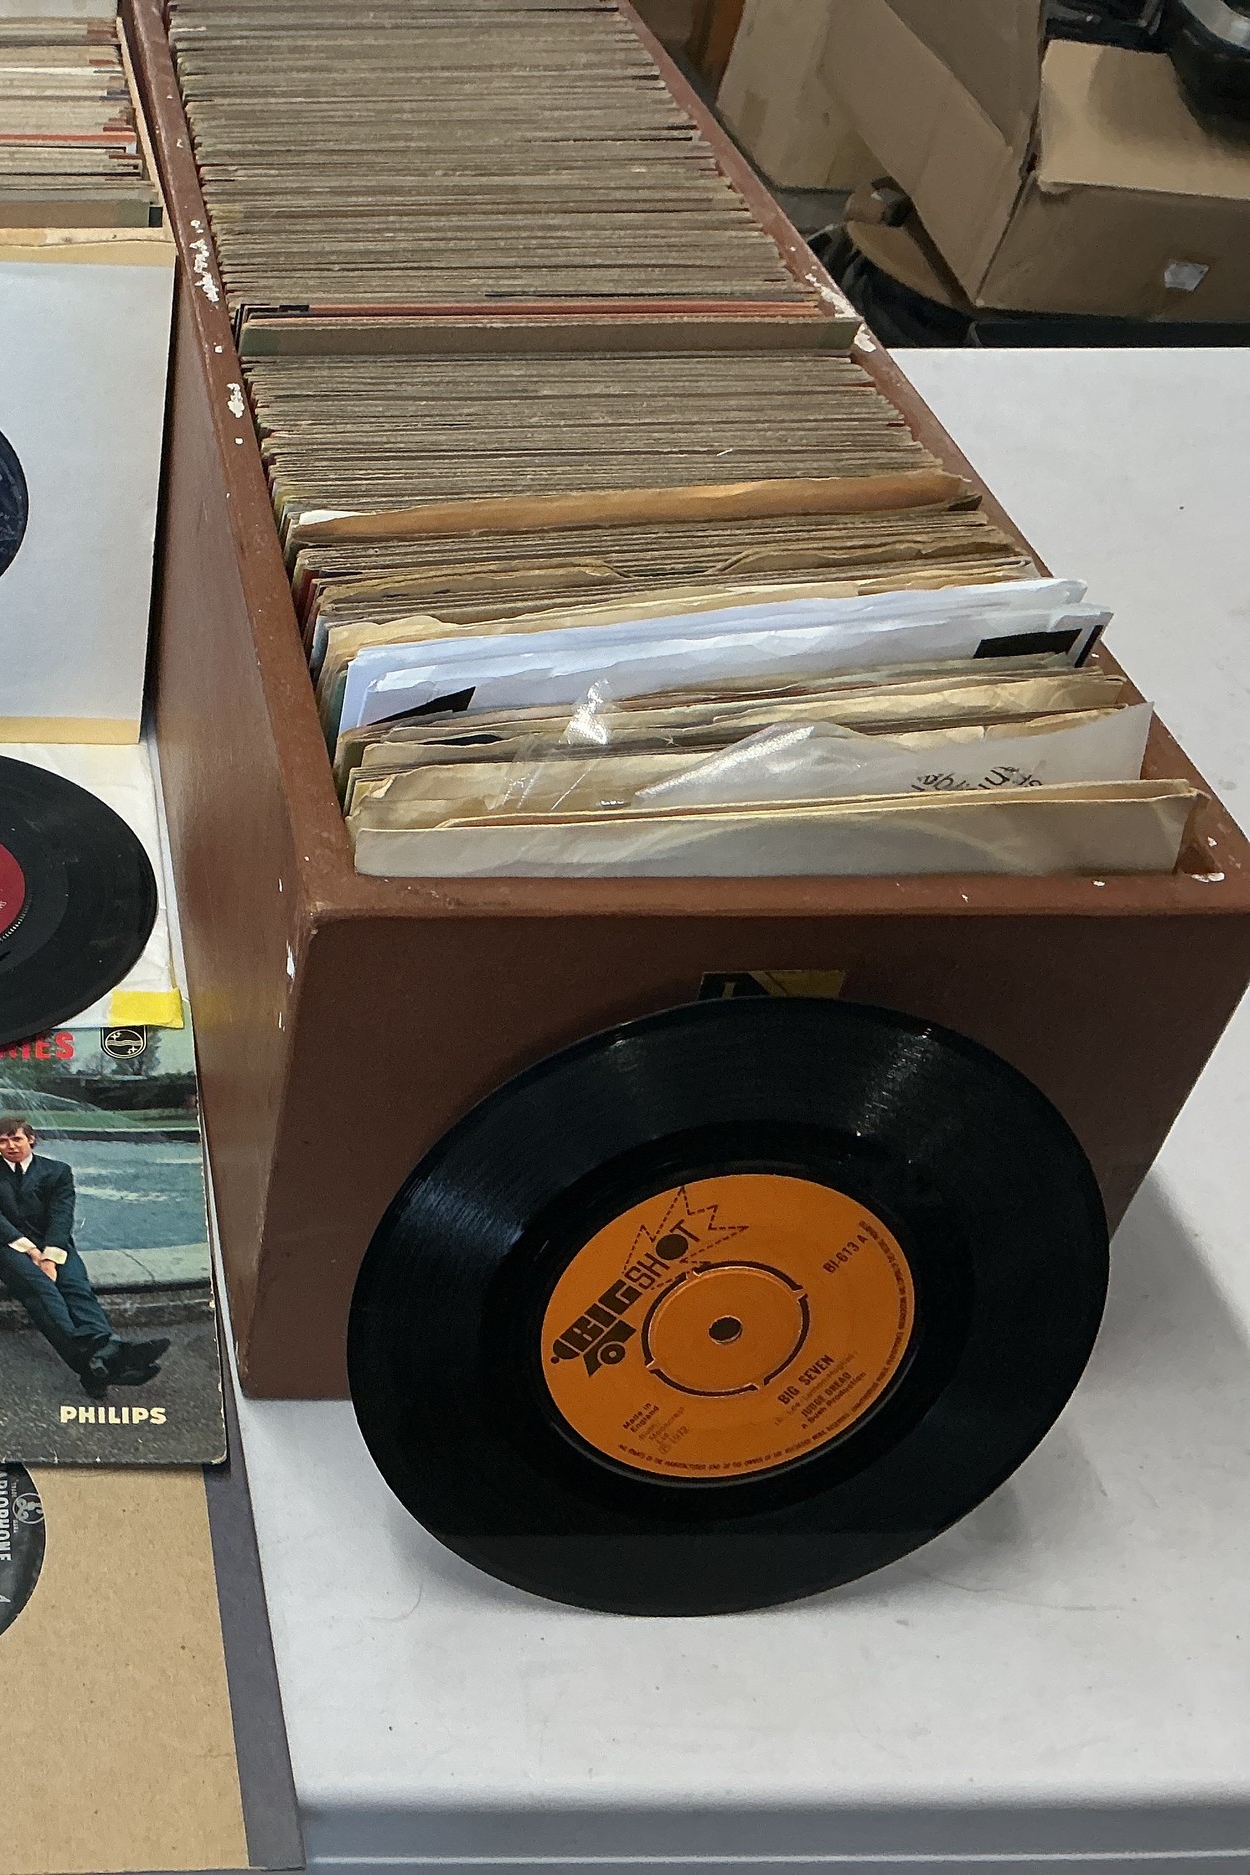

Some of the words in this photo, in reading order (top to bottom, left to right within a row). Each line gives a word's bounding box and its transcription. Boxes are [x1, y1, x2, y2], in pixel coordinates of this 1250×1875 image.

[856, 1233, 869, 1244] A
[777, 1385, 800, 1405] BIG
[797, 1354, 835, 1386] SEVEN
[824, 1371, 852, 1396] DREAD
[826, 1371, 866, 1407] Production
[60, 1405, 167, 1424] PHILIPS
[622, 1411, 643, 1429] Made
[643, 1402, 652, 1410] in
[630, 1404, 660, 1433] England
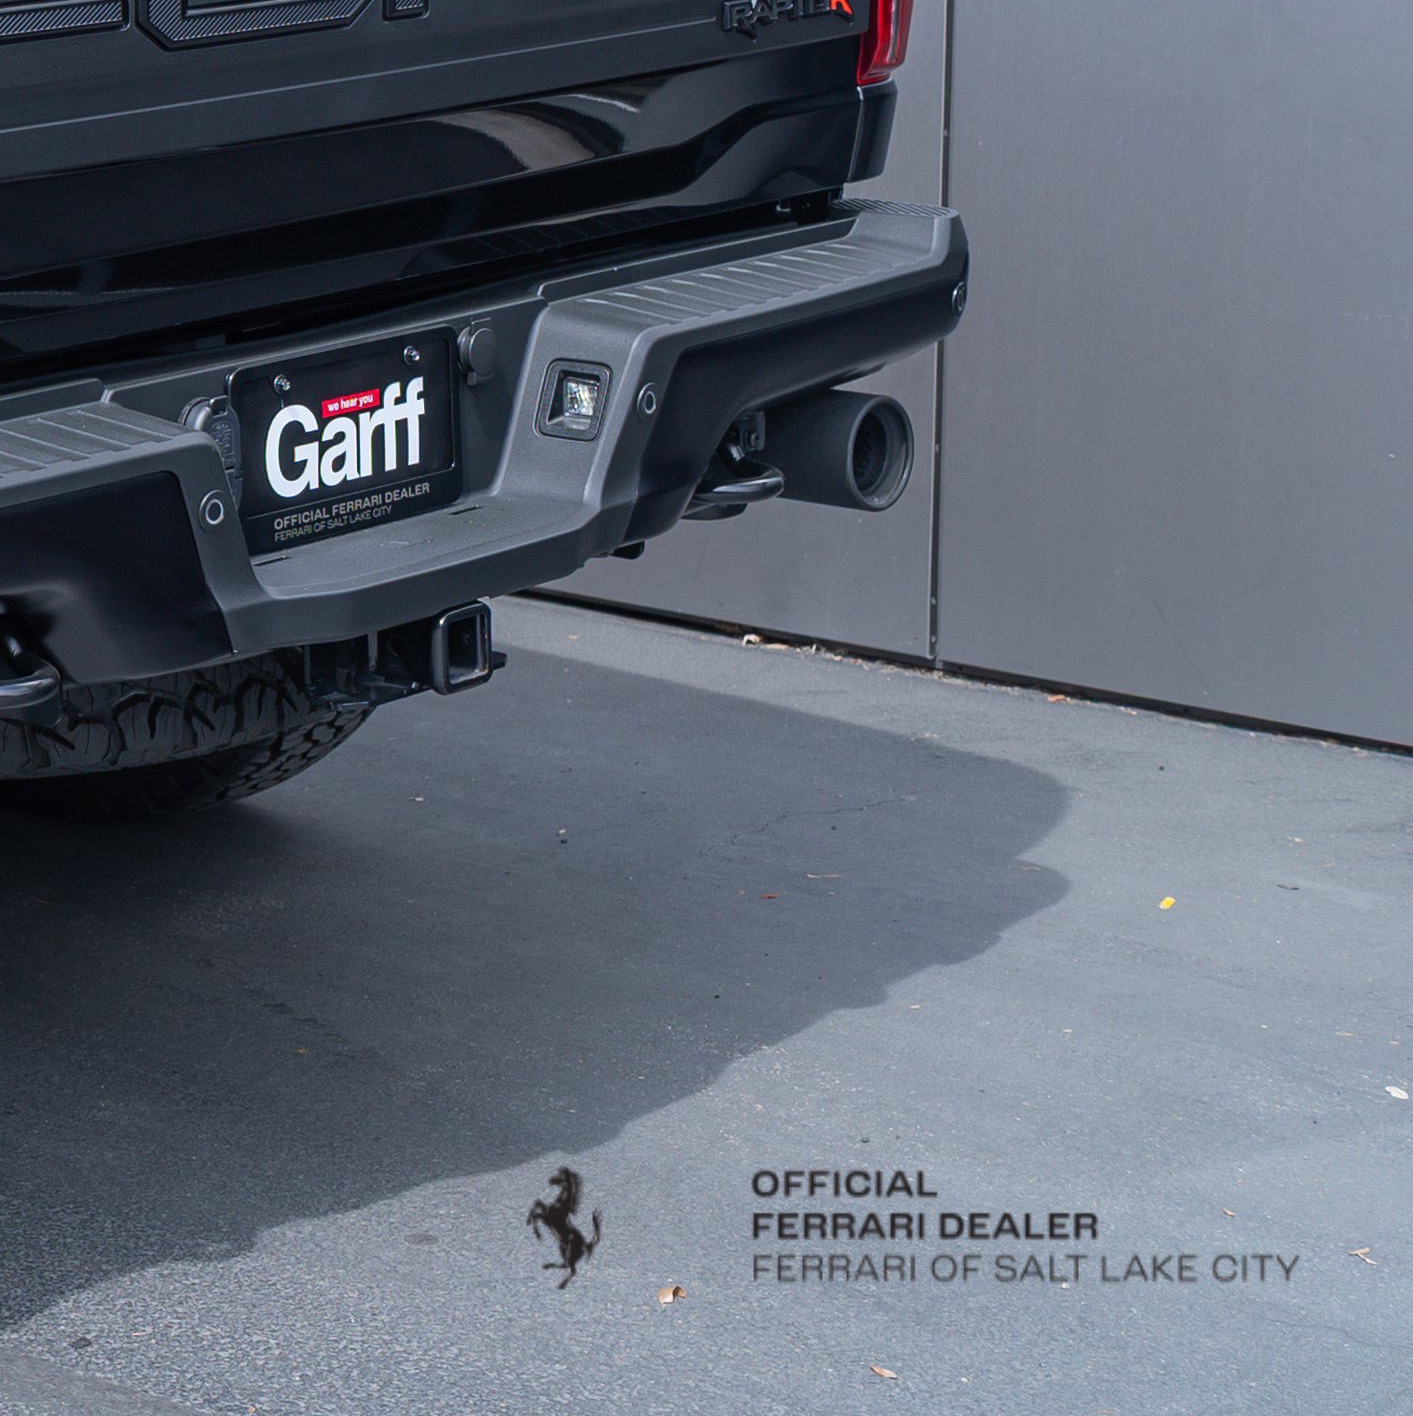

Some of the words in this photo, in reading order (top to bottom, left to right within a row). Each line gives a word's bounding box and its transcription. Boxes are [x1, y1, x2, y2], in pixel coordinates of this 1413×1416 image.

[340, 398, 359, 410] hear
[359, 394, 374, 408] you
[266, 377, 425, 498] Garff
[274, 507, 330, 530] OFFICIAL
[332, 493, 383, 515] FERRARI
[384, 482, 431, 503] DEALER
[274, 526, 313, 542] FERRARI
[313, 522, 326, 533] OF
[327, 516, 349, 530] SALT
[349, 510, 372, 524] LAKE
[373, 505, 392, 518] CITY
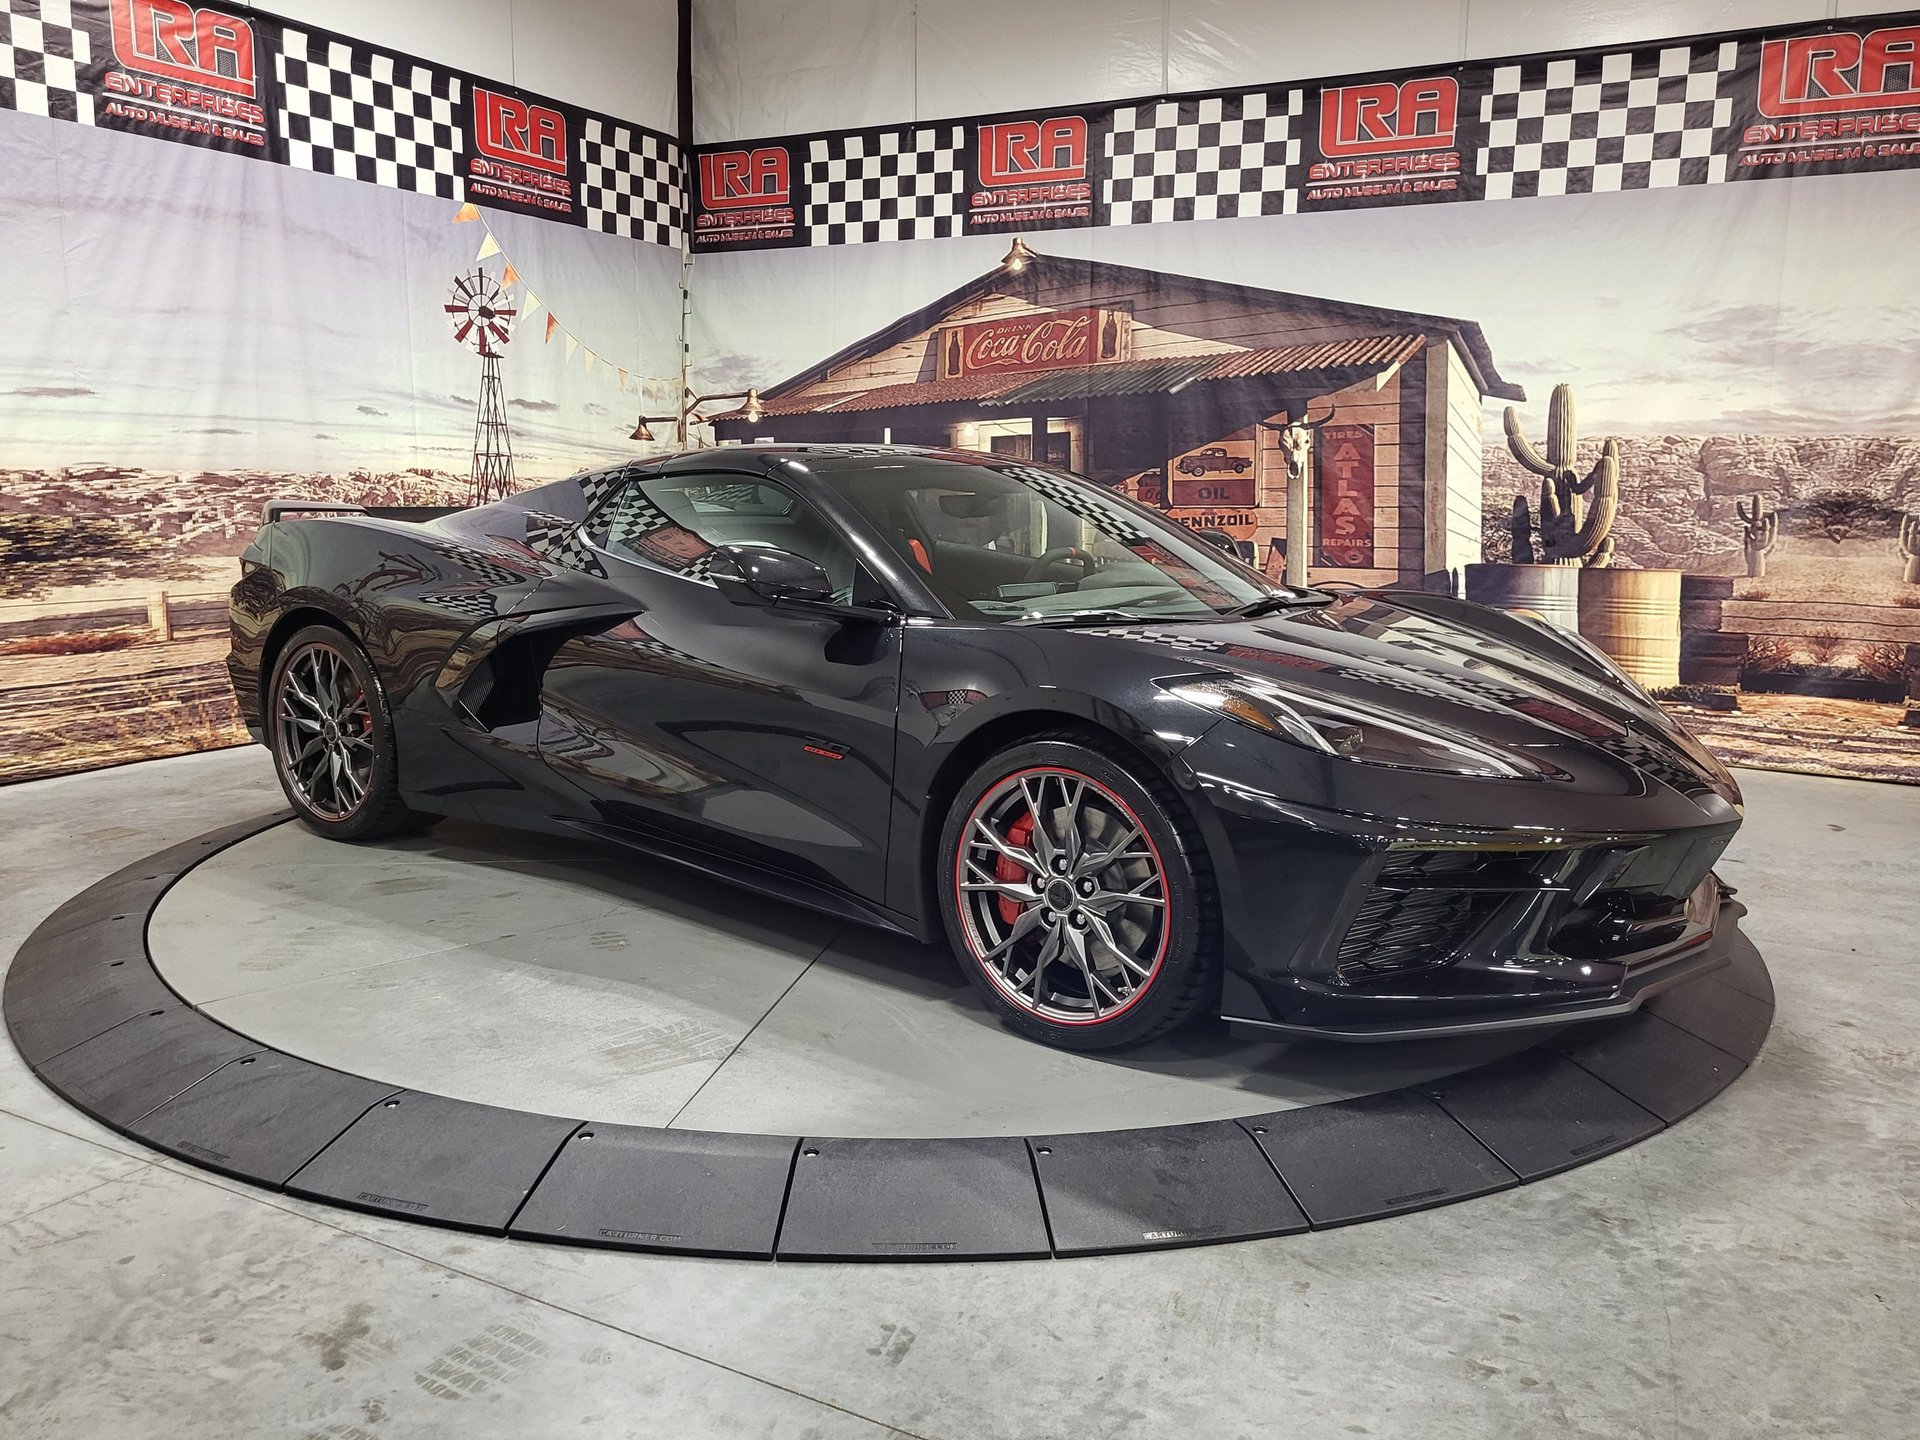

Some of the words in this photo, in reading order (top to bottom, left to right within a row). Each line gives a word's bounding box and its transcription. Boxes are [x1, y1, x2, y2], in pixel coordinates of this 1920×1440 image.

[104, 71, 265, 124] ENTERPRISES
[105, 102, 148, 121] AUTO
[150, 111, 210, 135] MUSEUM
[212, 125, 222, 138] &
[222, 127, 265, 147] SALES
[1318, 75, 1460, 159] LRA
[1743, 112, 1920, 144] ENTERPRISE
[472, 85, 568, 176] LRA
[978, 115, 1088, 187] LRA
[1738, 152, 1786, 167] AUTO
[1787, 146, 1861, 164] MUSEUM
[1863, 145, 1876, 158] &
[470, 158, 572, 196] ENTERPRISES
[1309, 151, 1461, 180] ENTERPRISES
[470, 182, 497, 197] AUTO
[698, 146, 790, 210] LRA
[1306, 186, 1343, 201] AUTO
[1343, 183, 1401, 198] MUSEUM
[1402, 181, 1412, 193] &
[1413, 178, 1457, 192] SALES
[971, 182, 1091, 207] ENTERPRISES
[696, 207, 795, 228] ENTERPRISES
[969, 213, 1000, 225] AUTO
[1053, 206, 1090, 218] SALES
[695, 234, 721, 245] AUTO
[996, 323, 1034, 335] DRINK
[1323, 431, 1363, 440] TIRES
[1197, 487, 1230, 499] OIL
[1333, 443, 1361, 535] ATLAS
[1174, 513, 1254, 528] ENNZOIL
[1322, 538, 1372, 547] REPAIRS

-----

Activity:
Could you copy the lines above exactly and skip the images?

Solution to this task:
Some of the words in this photo, in reading order (top to bottom, left to right within a row). Each line gives a word's bounding box and its transcription. Boxes are [x1, y1, x2, y2], in pixel coordinates of this 1250×1875 image.

[856, 1233, 869, 1244] A
[777, 1385, 800, 1405] BIG
[797, 1354, 835, 1386] SEVEN
[824, 1371, 852, 1396] DREAD
[826, 1371, 866, 1407] Production
[60, 1405, 167, 1424] PHILIPS
[622, 1411, 643, 1429] Made
[643, 1402, 652, 1410] in
[630, 1404, 660, 1433] England

Some of the words in this photo, in reading order (top to bottom, left to right within a row). Each line gives a word's bounding box and its transcription. Boxes are [x1, y1, x2, y2], in pixel coordinates of this 1413×1416 image.

[340, 398, 359, 410] hear
[359, 394, 374, 408] you
[266, 377, 425, 498] Garff
[274, 507, 330, 530] OFFICIAL
[332, 493, 383, 515] FERRARI
[384, 482, 431, 503] DEALER
[274, 526, 313, 542] FERRARI
[313, 522, 326, 533] OF
[327, 516, 349, 530] SALT
[349, 510, 372, 524] LAKE
[373, 505, 392, 518] CITY

Some of the words in this photo, in reading order (top to bottom, left to right within a row). Each line gives a word's bounding box and its transcription. Boxes are [x1, y1, x2, y2], in pixel coordinates of this 1920×1440 image.

[104, 71, 265, 124] ENTERPRISES
[105, 102, 148, 121] AUTO
[150, 111, 210, 135] MUSEUM
[212, 125, 222, 138] &
[222, 127, 265, 147] SALES
[1318, 75, 1460, 159] LRA
[1743, 112, 1920, 144] ENTERPRISE
[472, 85, 568, 176] LRA
[978, 115, 1088, 187] LRA
[1738, 152, 1786, 167] AUTO
[1787, 146, 1861, 164] MUSEUM
[1863, 145, 1876, 158] &
[470, 158, 572, 196] ENTERPRISES
[1309, 151, 1461, 180] ENTERPRISES
[470, 182, 497, 197] AUTO
[698, 146, 790, 210] LRA
[1306, 186, 1343, 201] AUTO
[1343, 183, 1401, 198] MUSEUM
[1402, 181, 1412, 193] &
[1413, 178, 1457, 192] SALES
[971, 182, 1091, 207] ENTERPRISES
[696, 207, 795, 228] ENTERPRISES
[969, 213, 1000, 225] AUTO
[1053, 206, 1090, 218] SALES
[695, 234, 721, 245] AUTO
[996, 323, 1034, 335] DRINK
[1323, 431, 1363, 440] TIRES
[1197, 487, 1230, 499] OIL
[1333, 443, 1361, 535] ATLAS
[1174, 513, 1254, 528] ENNZOIL
[1322, 538, 1372, 547] REPAIRS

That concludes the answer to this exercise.